Globales Ringelreihspiel
(23.01.2026) Nun soll es mit der Wirtschaft wieder aufwärts gehen. In zahlreichen Märkten herrscht wieder mehr Optimismus vor als zu Beginn des Vorjahres. Die Börsenkurse haben dies durch teilweise eklatante Kursanstiege im abgelaufenen Jahr antizipiert.
Von den Ländern, in denen Krieg herrscht, abgesehen, widersetzt sich nur China dem vorherrschenden Trend, das in den letzten 30 Jahren verlässlicher Garant für Megawachstum war. Schuld an den (für europäische Verhältnisse immer noch guten) chinesischen Wirtschaftsdaten ist in erster Linie die schwere Immobilienkrise. Wer jemals durch chinesische Hochhauswüsten gefahren ist, in denen nie ein Mensch gelebt hat, wird sich
der Schwere des Problems bewusst. Der Börsen-Kurier warnte schon zur Jahrtausendwende vor intransparenten chinesischen Bankbilanzen, auch wenn dies damals niemand hören wollte. Bei der Evergrande-Pleite vor genau zwei Jahren ist die Blase geplatzt.
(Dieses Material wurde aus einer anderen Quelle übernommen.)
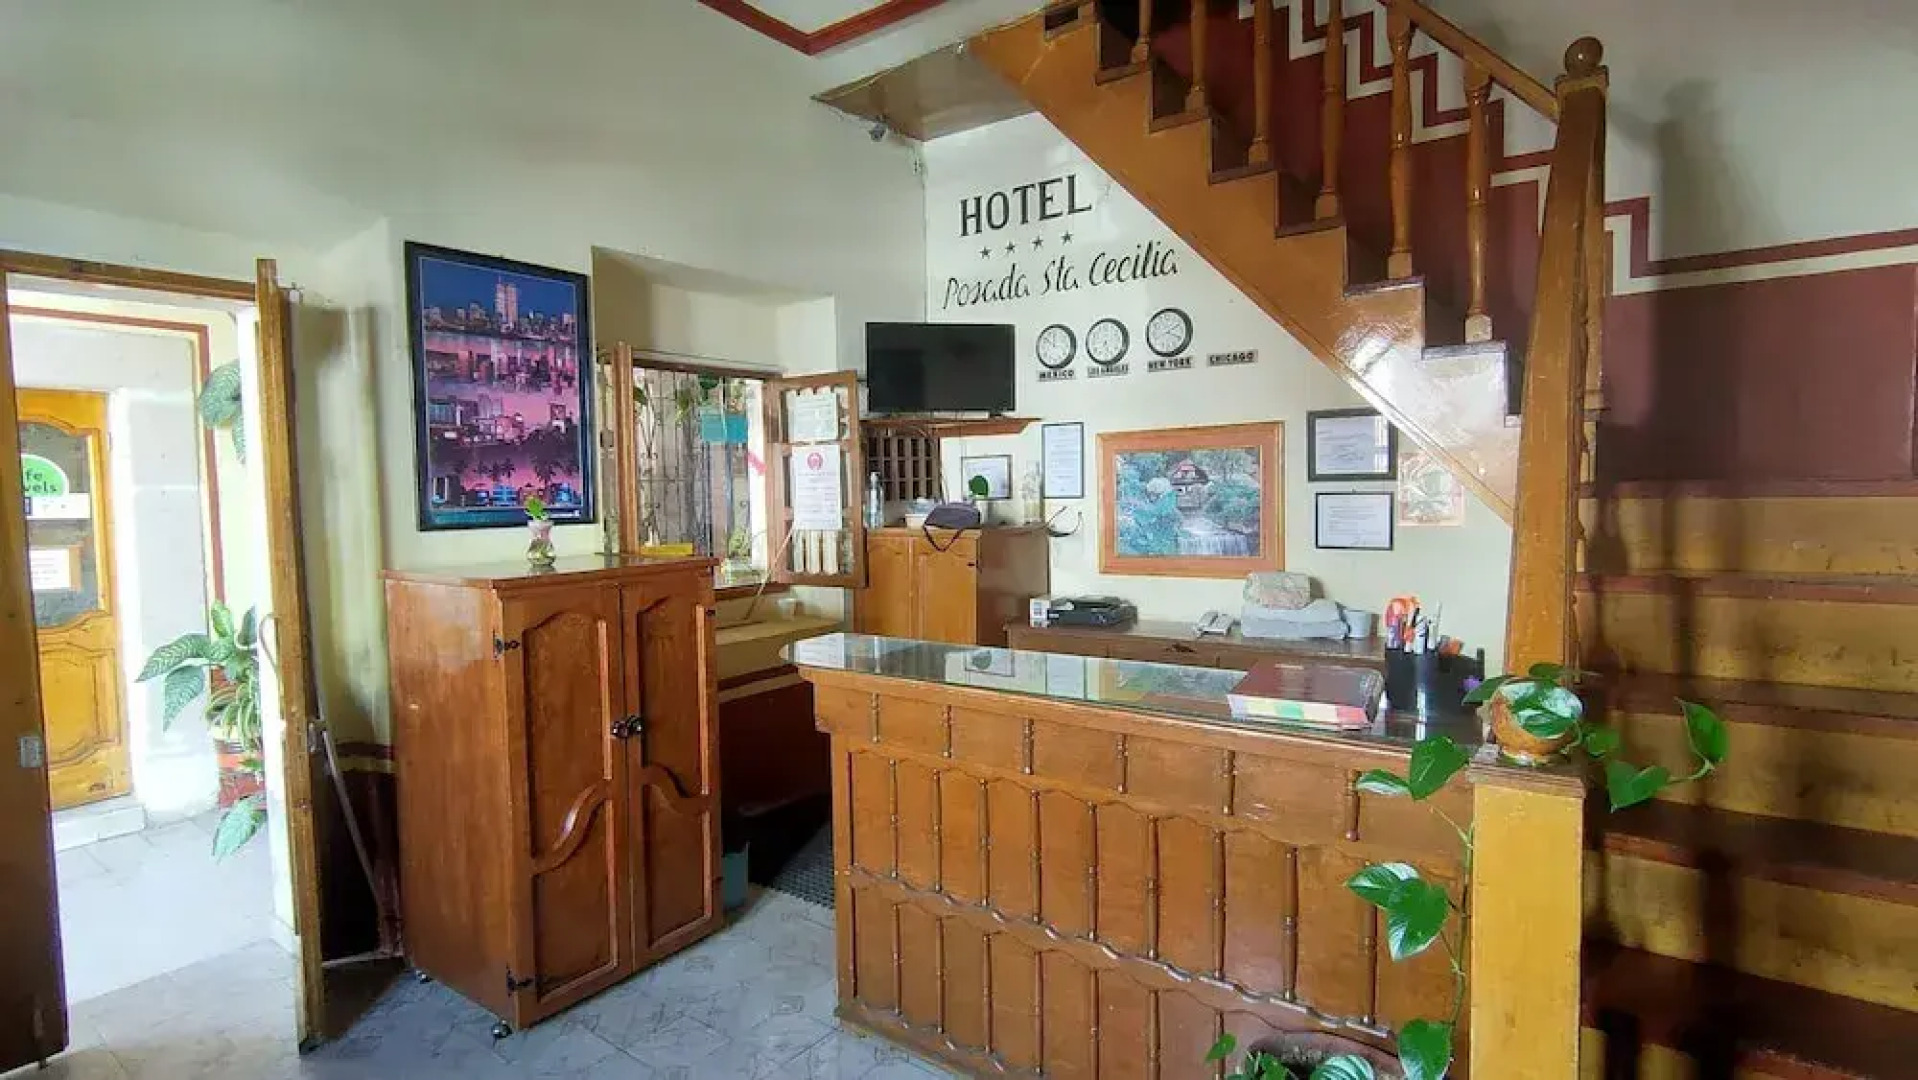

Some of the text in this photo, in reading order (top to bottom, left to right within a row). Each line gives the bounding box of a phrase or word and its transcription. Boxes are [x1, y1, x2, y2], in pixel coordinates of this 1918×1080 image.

Millionen Chinesen verloren ihr Erspartes, und die Stimmung begann zu kippen. In der Folge sank die Inlandskaufkraft, und das Land wurde immer mehr von seinen Exporten abhängig. Nun liegt sein Handelsbilanzüberschuss bei knapp 1,2 Billionen US-Dollar und stellt ein wesentliches Motiv für die Trump‘sche Zollpolitik dar.
Doch die Zölle helfen in Wahrheit niemandem und schwächen die Kaufkraft in den USA sowie das westliche Bündnissystem generell. Da auch Russland unter seinen Kriegskosten leidet, gerät es wiederum in die Abhängigkeit von China, wo schon manche ein Auge auf Ostsibirien werfen. Ukraine, Taiwan, Grönland … geht das Ringelreihspiel in die nächste Runde?